SME Suppliers Falling Short of Security Expectations – Report
Nearly 70% of procurement managers in large organizations believe SME suppliers could do more to protect sensitive client data, according to new research from KPMG.
The global consulting firm polled 175 UK procurement chiefs across several sectors and found reassuringly that standards are high when it comes to vetting suppliers.
A large majority (86%) said they would consider removing a firm if it suffered a data breach and nearly half (47%) claimed suppliers are contractually obliged to report such an incident.
Nearly all respondents (94%) agreed with the statement that standards were important when awarding a contract, with around two-thirds requiring their suppliers to demonstrate certification by Cyber Essentials, ISO, PCI DSS or another respected accreditation body.
If there is no accreditation to speak of, 41% of respondents claimed they would expect the supplier to foot the bill in the near future.
George Quigley, a partner in KPMG’s Cyber Security practice, argued that SMEs can find it difficult to understand the nature of the threat landscape and how they could be exposed to risk.
There are also challenges around “defining and identifying” which data is critical and therefore needs protecting.
“Finally budgets tend to be allocated to IT, rather than to cybersecurity more specifically, which generally means that only a fraction of the funds is invested in cybersecurity,” he told Infosecurity.
However, things are changing, Quigley argued.

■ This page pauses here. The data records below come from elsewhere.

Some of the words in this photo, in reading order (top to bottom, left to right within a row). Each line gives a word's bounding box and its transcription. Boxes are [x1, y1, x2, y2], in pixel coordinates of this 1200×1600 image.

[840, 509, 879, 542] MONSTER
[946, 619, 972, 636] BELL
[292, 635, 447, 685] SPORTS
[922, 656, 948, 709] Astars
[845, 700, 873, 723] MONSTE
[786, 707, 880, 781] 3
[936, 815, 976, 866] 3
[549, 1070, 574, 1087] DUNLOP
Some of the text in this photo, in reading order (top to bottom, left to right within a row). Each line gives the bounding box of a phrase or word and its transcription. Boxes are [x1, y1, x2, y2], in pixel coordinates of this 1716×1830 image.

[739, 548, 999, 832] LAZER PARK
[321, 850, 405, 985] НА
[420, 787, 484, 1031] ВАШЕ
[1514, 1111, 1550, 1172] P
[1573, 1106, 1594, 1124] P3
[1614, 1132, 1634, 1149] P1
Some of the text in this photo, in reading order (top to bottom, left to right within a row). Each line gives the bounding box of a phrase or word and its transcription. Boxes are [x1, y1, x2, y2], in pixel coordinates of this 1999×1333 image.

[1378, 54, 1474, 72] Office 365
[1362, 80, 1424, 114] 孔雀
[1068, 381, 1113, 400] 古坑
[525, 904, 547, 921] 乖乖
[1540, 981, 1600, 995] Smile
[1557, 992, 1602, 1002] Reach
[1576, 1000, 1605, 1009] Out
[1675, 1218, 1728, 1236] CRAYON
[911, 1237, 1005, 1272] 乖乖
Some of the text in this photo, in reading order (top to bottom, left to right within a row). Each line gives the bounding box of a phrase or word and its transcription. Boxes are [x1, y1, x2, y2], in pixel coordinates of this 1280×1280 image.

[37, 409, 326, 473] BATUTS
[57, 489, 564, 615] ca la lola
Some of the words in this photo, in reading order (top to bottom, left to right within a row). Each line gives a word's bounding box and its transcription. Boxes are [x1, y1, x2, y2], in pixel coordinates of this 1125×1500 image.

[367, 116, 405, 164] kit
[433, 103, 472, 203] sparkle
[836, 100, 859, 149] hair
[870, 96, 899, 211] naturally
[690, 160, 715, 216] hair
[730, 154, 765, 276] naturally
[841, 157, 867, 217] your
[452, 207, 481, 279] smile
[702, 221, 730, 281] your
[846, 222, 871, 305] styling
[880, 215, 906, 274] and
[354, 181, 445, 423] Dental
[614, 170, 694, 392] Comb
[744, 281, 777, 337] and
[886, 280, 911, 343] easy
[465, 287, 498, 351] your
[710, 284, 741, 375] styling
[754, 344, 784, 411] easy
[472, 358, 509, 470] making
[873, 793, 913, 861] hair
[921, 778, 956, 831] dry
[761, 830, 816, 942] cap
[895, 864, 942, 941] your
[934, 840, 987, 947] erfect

“SME business partners are starting to look at certifications in order to gain some comfort that the potential SME supplier is dealing with security in an appropriate manner. All signs indicate that this trend is likely to continue,” he revealed.
“Cyber Essentials and ISO 27001 are perhaps the two most common certifications that are being requested. Overall, SMEs need to be able to articulate to their partners the threats that they face, the risks that they believe they are exposed to and the mitigants that they have in place to minimize that risk.”
Source: Information Security Magazine